■ **TASK DIRECTIONS**:
Print each record exactly as it appears, but drop the images.

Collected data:
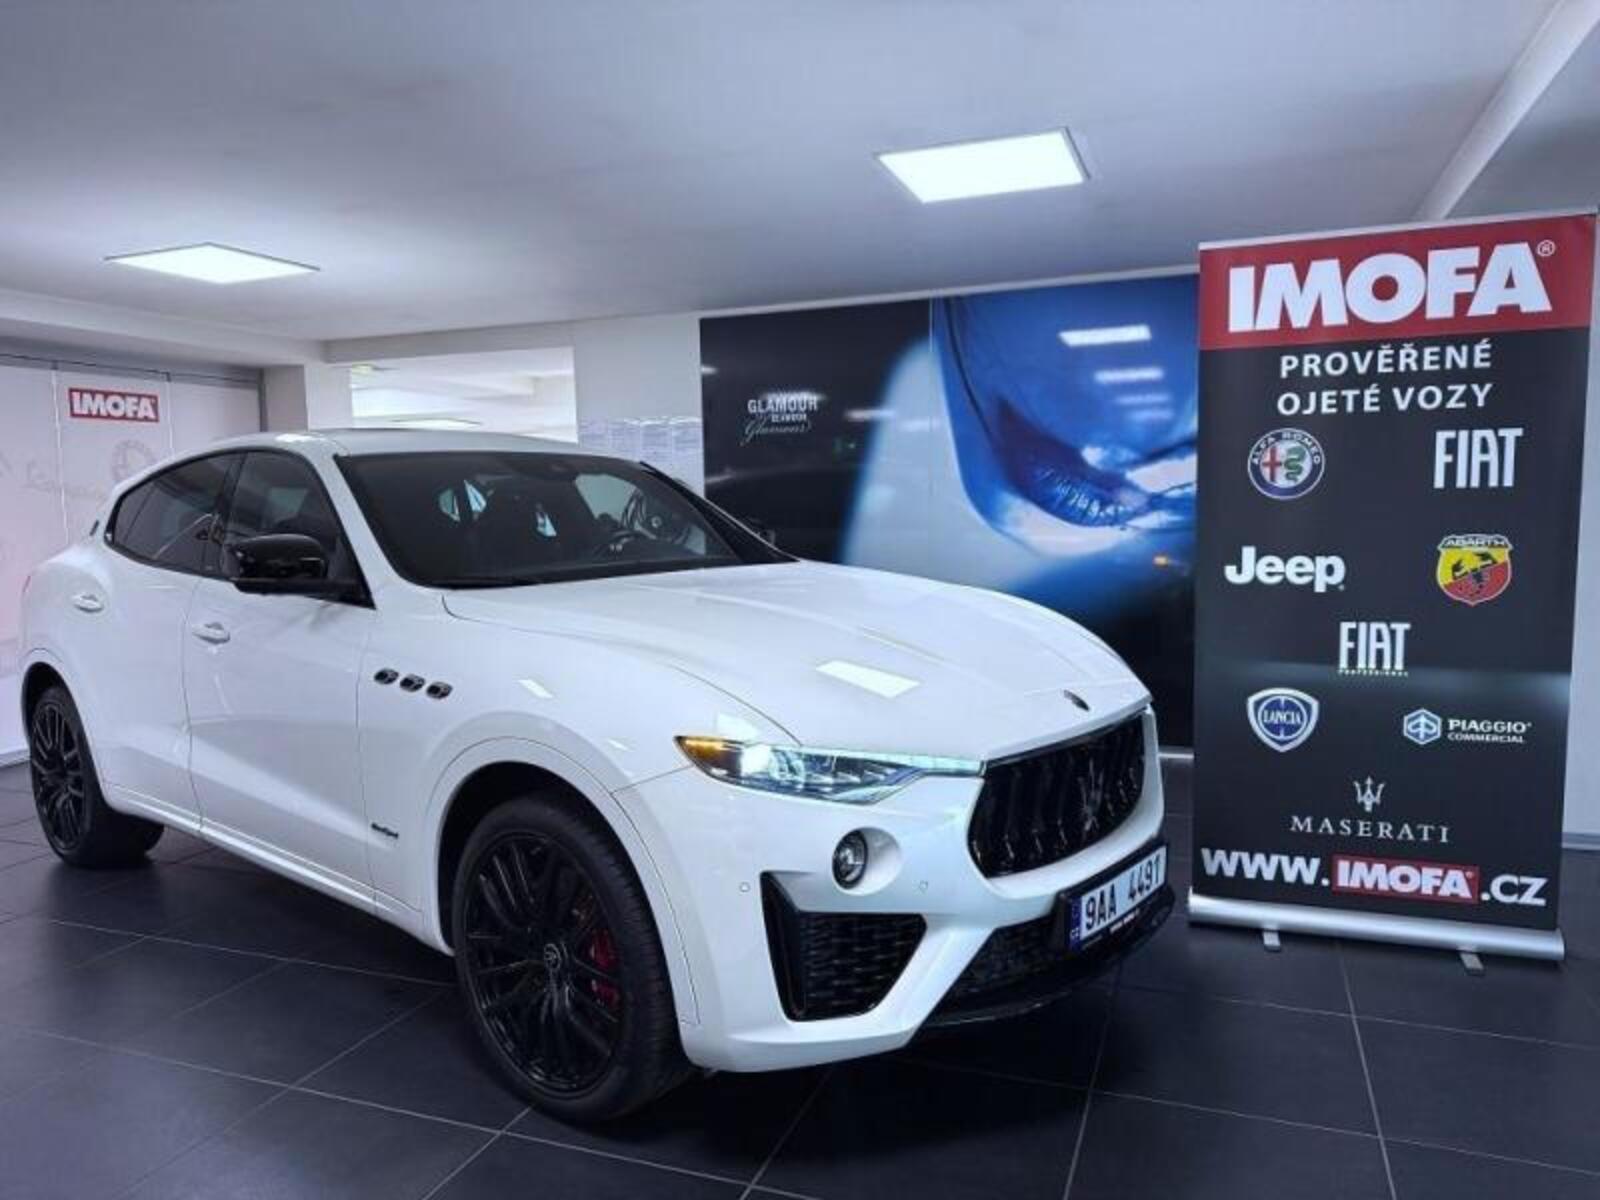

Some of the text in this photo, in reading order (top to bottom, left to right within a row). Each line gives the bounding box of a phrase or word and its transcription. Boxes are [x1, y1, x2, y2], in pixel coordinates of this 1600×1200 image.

[1228, 243, 1553, 333] IMOFA
[1279, 339, 1493, 379] PROVĚŘENÉ
[71, 391, 156, 420] IMOFA
[747, 395, 818, 414] GLAMOUR
[1276, 383, 1493, 417] OJETÉ VOZY
[1433, 428, 1524, 490] FIAT
[1224, 546, 1346, 593] Jeep
[1339, 621, 1412, 671] FIAT
[1263, 709, 1305, 725] LANCIA
[1447, 718, 1528, 734] PIAGGIO
[1447, 731, 1526, 744] COMMERCIAL
[1289, 815, 1450, 844] MASERATI
[1085, 883, 1117, 931] 9AA
[1128, 853, 1161, 901] 4491
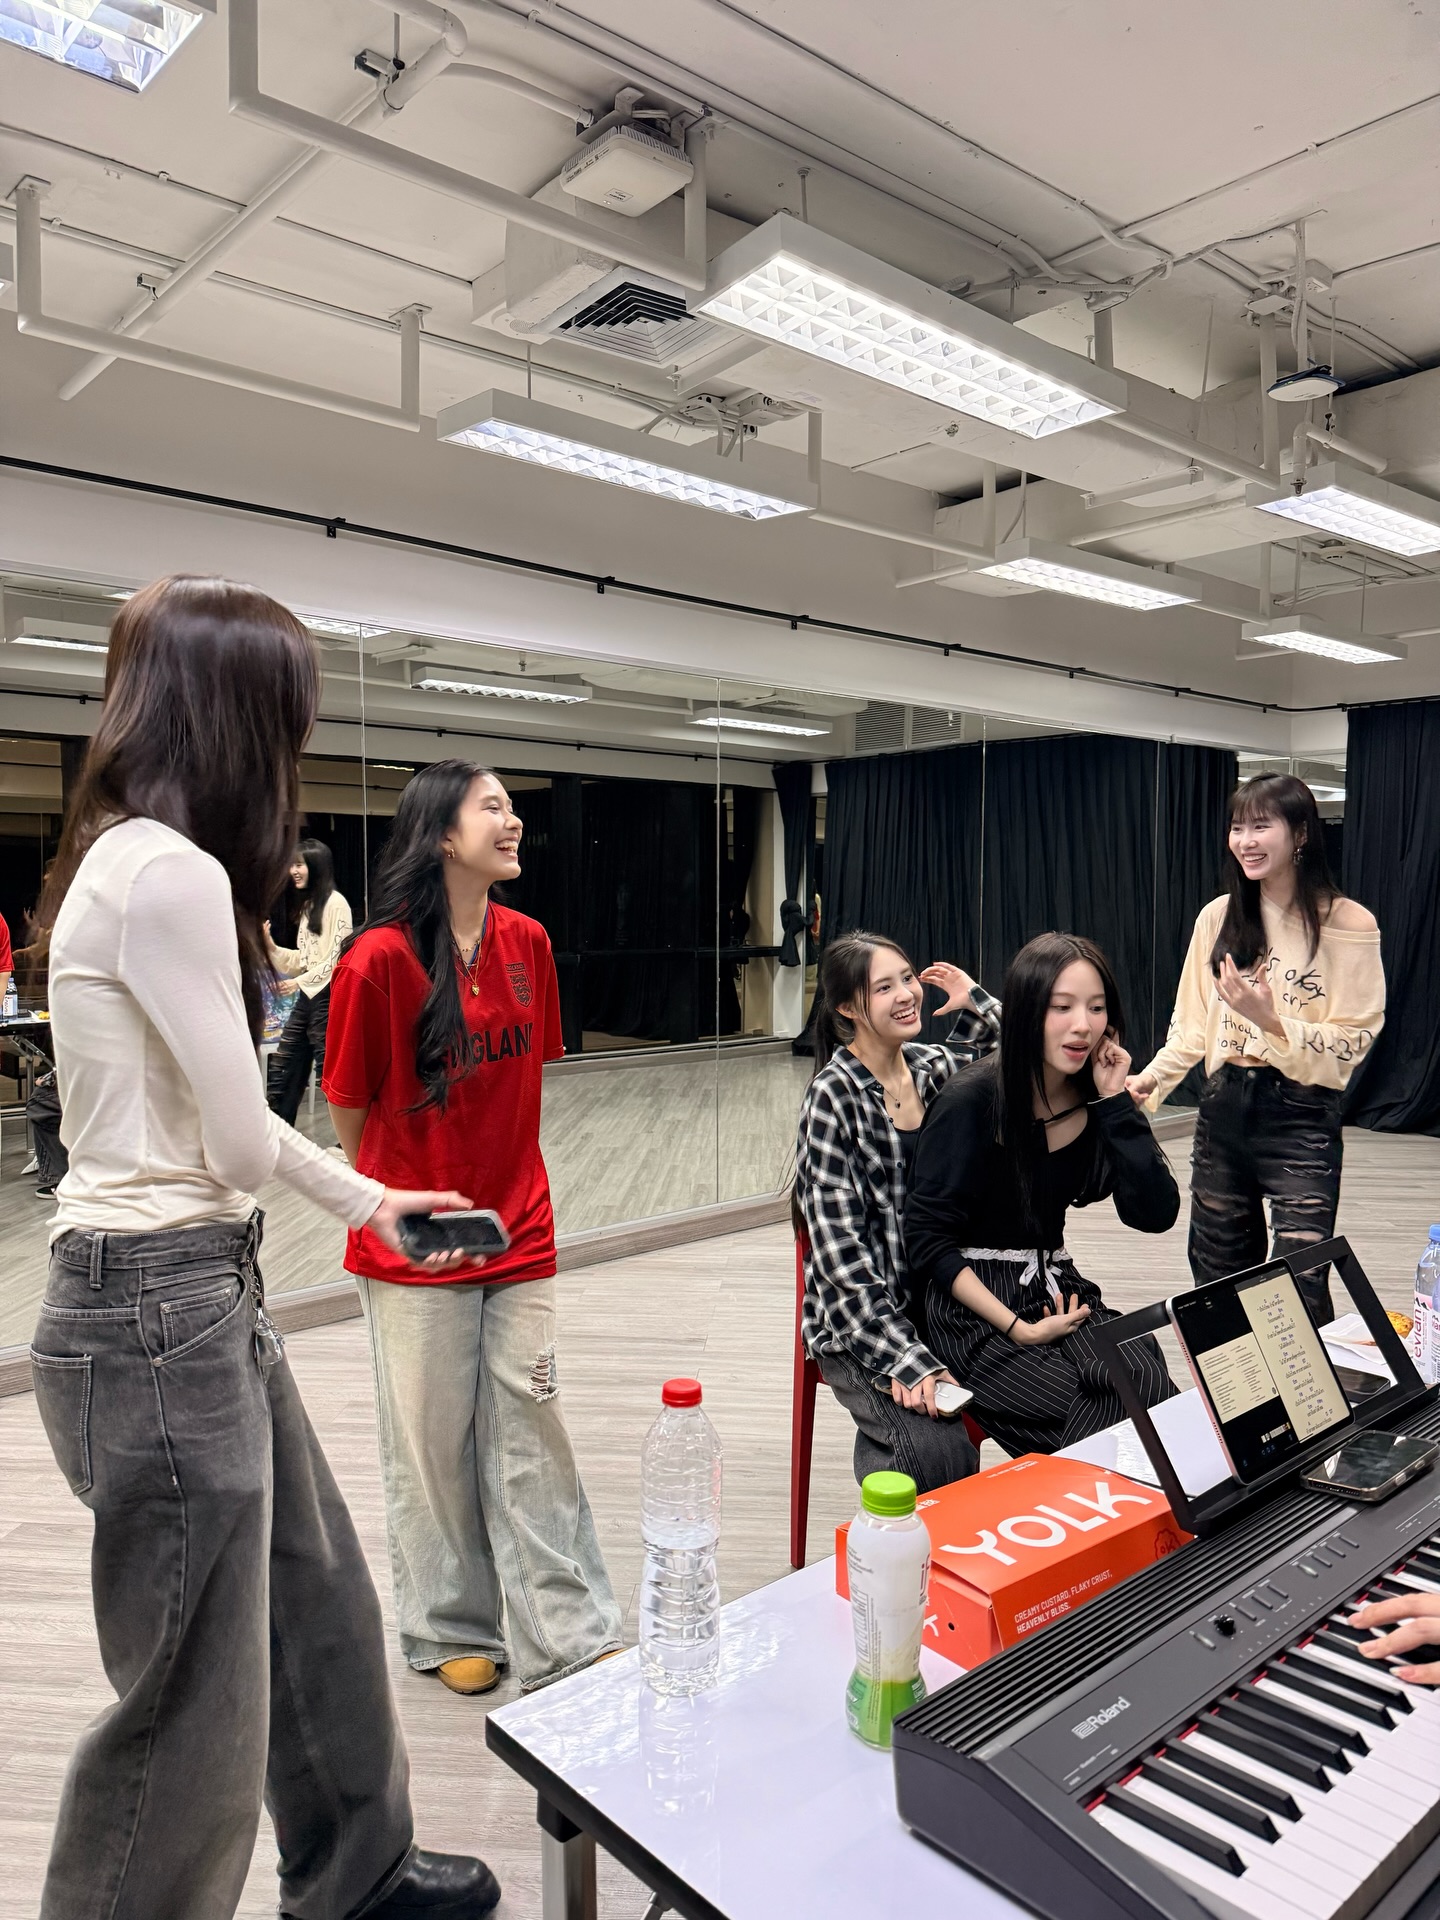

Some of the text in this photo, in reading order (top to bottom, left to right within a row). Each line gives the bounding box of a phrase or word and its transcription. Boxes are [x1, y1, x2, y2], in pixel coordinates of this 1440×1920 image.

[1414, 1308, 1422, 1358] evian
[938, 1481, 1153, 1566] YOLK
[1014, 1604, 1042, 1623] CREAMY
[1070, 1579, 1092, 1596] FLAKY
[1090, 1569, 1113, 1586] CRUST,
[1016, 1602, 1072, 1634] HEAVENLY BLISS.
[1086, 1696, 1131, 1729] Roland
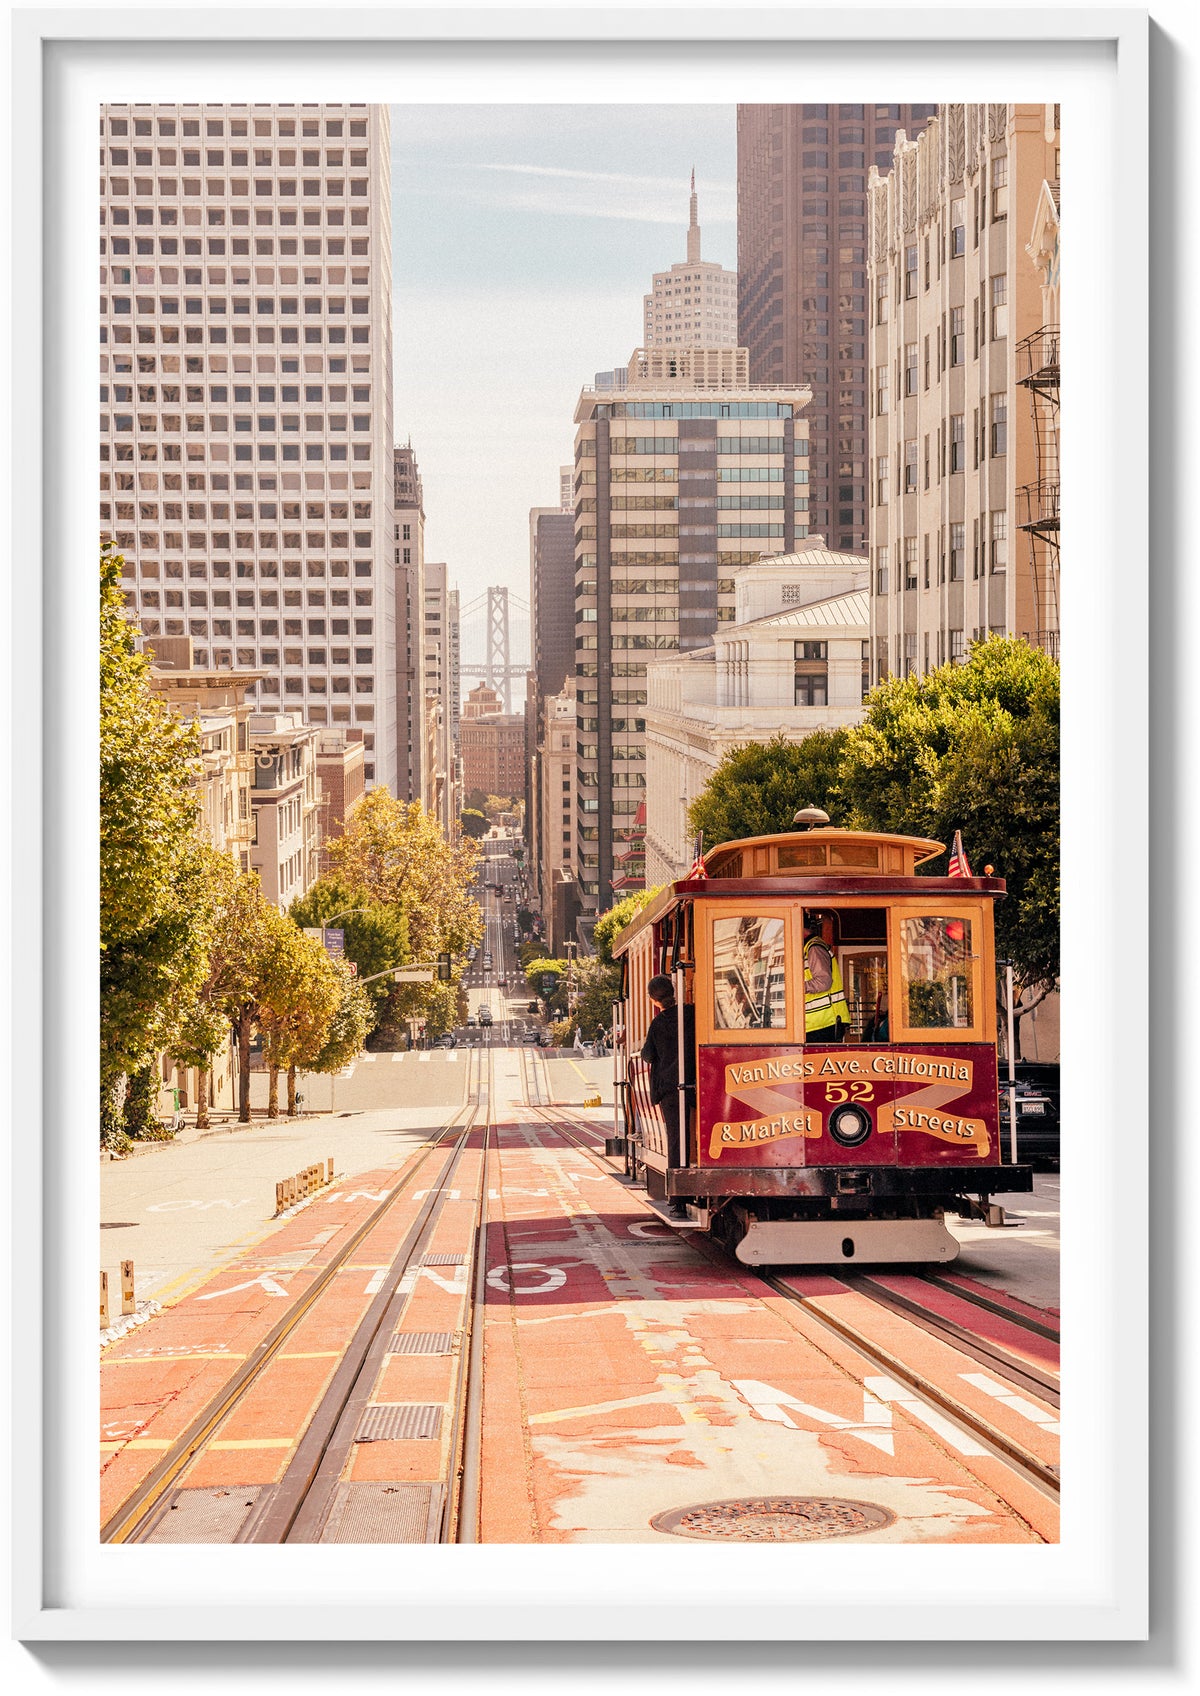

■ **EXERCISE RESULT**:
Some of the text in this photo, in reading order (top to bottom, left to right within a row). Each line gives the bounding box of a phrase or word and its transcription. Boxes are [x1, y1, x2, y2], in pixel coordinates of this 1600×1200 image.

[1228, 243, 1553, 333] IMOFA
[1279, 339, 1493, 379] PROVĚŘENÉ
[71, 391, 156, 420] IMOFA
[747, 395, 818, 414] GLAMOUR
[1276, 383, 1493, 417] OJETÉ VOZY
[1433, 428, 1524, 490] FIAT
[1224, 546, 1346, 593] Jeep
[1339, 621, 1412, 671] FIAT
[1263, 709, 1305, 725] LANCIA
[1447, 718, 1528, 734] PIAGGIO
[1447, 731, 1526, 744] COMMERCIAL
[1289, 815, 1450, 844] MASERATI
[1085, 883, 1117, 931] 9AA
[1128, 853, 1161, 901] 4491

Some of the text in this photo, in reading order (top to bottom, left to right within a row). Each line gives the bounding box of a phrase or word and its transcription. Boxes are [x1, y1, x2, y2], in pixel coordinates of this 1440×1920 image.

[1414, 1308, 1422, 1358] evian
[938, 1481, 1153, 1566] YOLK
[1014, 1604, 1042, 1623] CREAMY
[1070, 1579, 1092, 1596] FLAKY
[1090, 1569, 1113, 1586] CRUST,
[1016, 1602, 1072, 1634] HEAVENLY BLISS.
[1086, 1696, 1131, 1729] Roland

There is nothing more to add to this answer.